Source records |

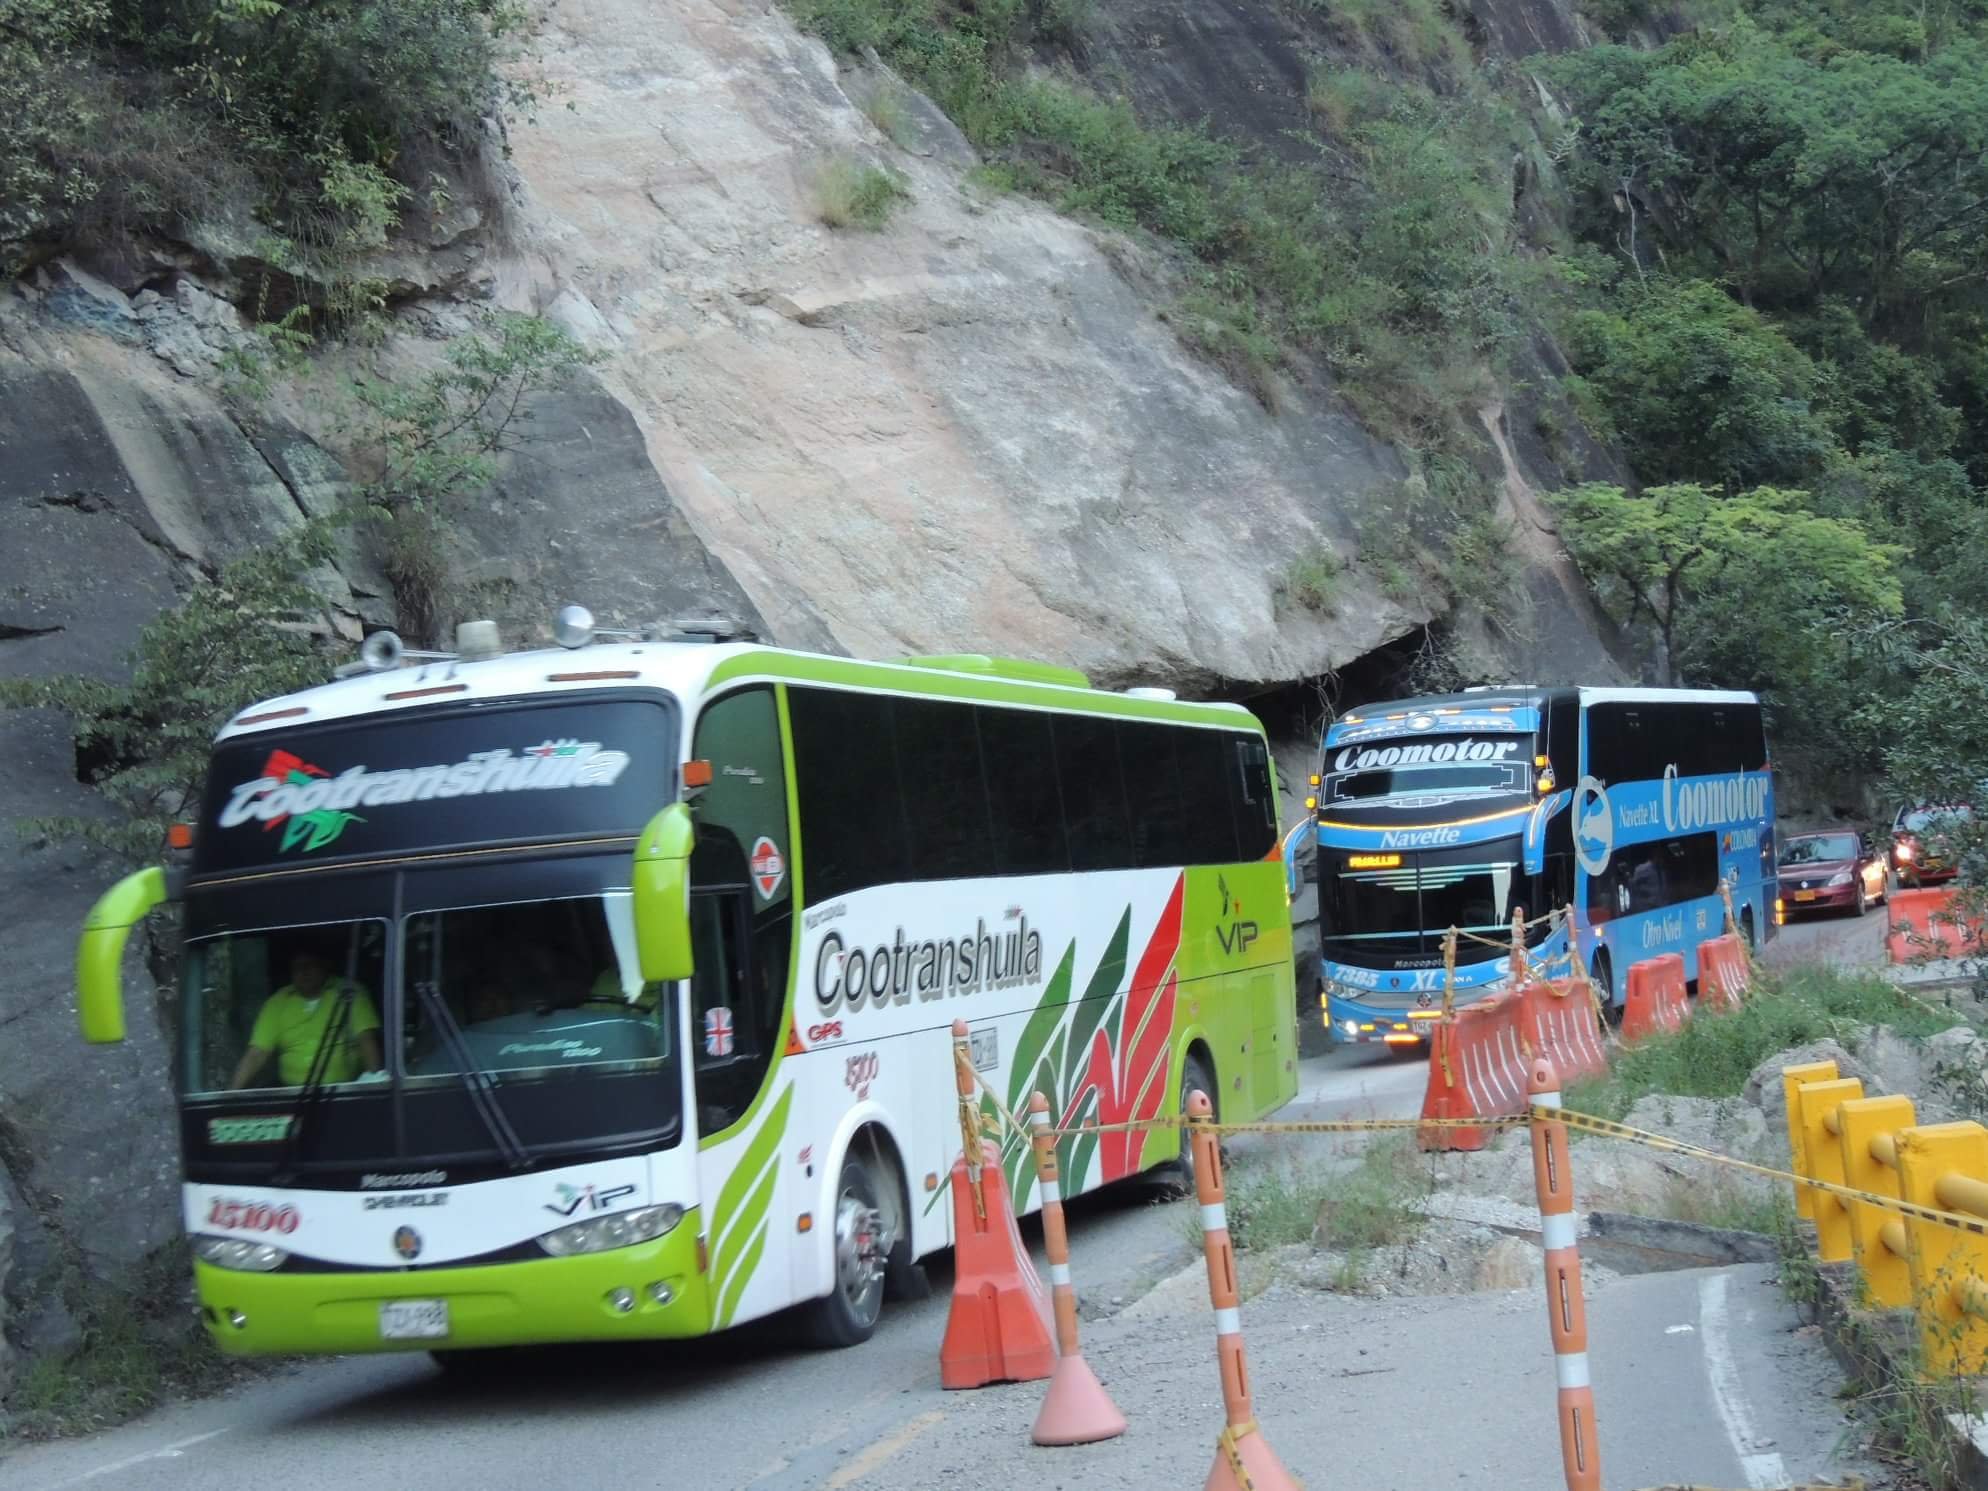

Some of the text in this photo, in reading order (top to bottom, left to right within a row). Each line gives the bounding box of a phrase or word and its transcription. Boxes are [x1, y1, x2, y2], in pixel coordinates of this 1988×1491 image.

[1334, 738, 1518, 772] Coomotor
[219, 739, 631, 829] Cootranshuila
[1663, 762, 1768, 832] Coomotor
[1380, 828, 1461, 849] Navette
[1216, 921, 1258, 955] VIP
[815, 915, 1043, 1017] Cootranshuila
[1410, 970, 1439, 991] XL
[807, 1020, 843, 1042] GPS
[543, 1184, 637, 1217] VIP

Your task |
A word-for-word copy of all the data, without pictures, is the expected output.

Solution for this problem |
Some of the text in this photo, in reading order (top to bottom, left to right within a row). Each line gives the bounding box of a phrase or word and its transcription. Boxes are [x1, y1, x2, y2], in pixel coordinates of this 1988×1491 image.

[1334, 738, 1518, 772] Coomotor
[219, 739, 631, 829] Cootranshuila
[1663, 762, 1768, 832] Coomotor
[1380, 828, 1461, 849] Navette
[1216, 921, 1258, 955] VIP
[815, 915, 1043, 1017] Cootranshuila
[1410, 970, 1439, 991] XL
[807, 1020, 843, 1042] GPS
[543, 1184, 637, 1217] VIP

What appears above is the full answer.